CI: Introduce cargo-semver-checks

This workflow looks for breaking API changes using popular
cargo-semver-checks tool.
This comit introduces it only for PRs. If PR breaks API, appropriate
label is added, otherwise it is removed.

Author: Lorak-mmk

.github/workflows/semver_checks.yml

@@ -0,0 +1,81 @@
+# This workflow tests semver compatibilty.
+# For PRs it checks if PR makes any API breaking changes, and assings appropriate label if so.
+name: Semver checks
+
+on:
+  pull_request_target:
+    branches:
+    - main
+    - 'branch-*'
+
+env:
+  CARGO_TERM_COLOR: always
+  RUST_BACKTRACE: full
+  PR_BASE: ${{ github.event.pull_request.base.sha }}
+  PR_HEAD: ${{ github.event.pull_request.head.sha }}
+  PR_ID: ${{ github.event.number }}
+
+jobs:
+  semver-pull-request-check:
+    runs-on: ubuntu-latest
+    if: github.event_name == 'pull_request_target'
+    # Disable all permissions
+    # This is important, because this job runs on untrusted input from
+    # the user and it's possible for the user to take over the job,
+    # for example by adding malicious build.rs file.
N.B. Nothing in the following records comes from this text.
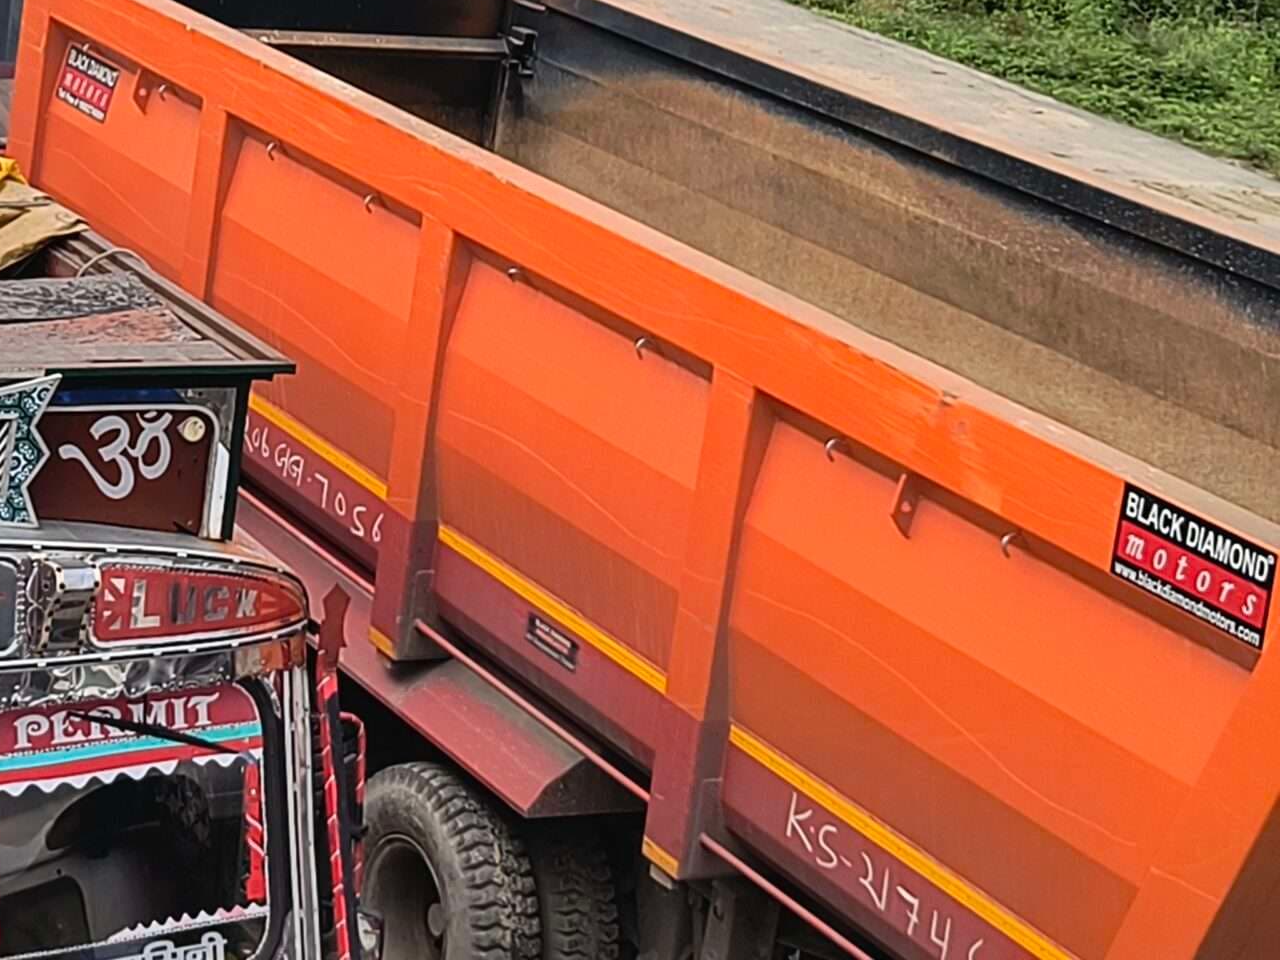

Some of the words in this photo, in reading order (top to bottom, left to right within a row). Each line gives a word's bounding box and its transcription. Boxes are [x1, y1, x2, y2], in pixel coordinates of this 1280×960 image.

[1125, 491, 1186, 542] BLACK
[129, 577, 258, 630] LUCK
[1114, 561, 1261, 647] www.blackdiamondmotors.com
[1124, 534, 1258, 616] motors
[13, 691, 220, 750] PERMIT
If the job had,
+    # for example, `pull_requests: write` permission, malicous user
+    # could do us a lot of harm. This is also the reason that there are
+    # 2 jobs - it's so that it's not possible to take over a job that
+    # has permissions.
+    permissions: {} 
+    timeout-minutes: 30
+    outputs:
+      exitcode: ${{ steps.semver-pr-check.outputs.exitcode }}
+    steps:
+    - name: Checkout
+      uses: actions/checkout@v3
+      with:
+        fetch-depth: "2"
+        ref: "refs/pull/${{ env.PR_ID }}/merge"
+    # Check if there was another push before this job started.
+    # If there was, wrong commit would be checked out.
+    - name: Sanity check
+      run: |
+        [[ "$(git rev-parse 'HEAD^2')" == "$PR_HEAD" ]]
+    # I don't know any way to do this using checkout action
+    - name: Fetch PR base
+      run: git fetch origin "$PR_BASE"
+    - name: Install semver-checks
+      # Official action uses binary releases fetched from GitHub
+      # If this pipeline becomes too slow, we should do this too
+      run: cargo install cargo-semver-checks --no-default-features
+    - name: Verify the API compatibilty with PR base
+      id: semver-pr-check
+      run: |
+        set +e
+        make semver-rev rev="$PR_BASE"
+        exitcode=$?
+        echo "exitcode=$exitcode" >> $GITHUB_OUTPUT
+        exit "$exitcode"
+      continue-on-error: true
+
+  semver-pull-request-label:
+    runs-on: ubuntu-latest
+    if: github.event_name == 'pull_request_target'
+    permissions:
+      pull-requests: write
+    needs: semver-pull-request-check
+    timeout-minutes: 3
+    steps:
+    - name: Remove breaking label on success
+      run: gh pr edit "$PR_ID" --remove-label semver-checks-breaking
+      if: needs.semver-pull-request-check.outputs.exitcode == '0'
+      env:
+        GH_TOKEN: ${{ secrets.GITHUB_TOKEN }}
+        GH_REPO: ${{ github.repository }}
+    - name: Add breaking label on failure
+      run: gh pr edit "$PR_ID" --add-label semver-checks-breaking
+      if: needs.semver-pull-request-check.outputs.exitcode != '0'
+      env:
+        GH_TOKEN: ${{ secrets.GITHUB_TOKEN }}
+        GH_REPO: ${{ github.repository }}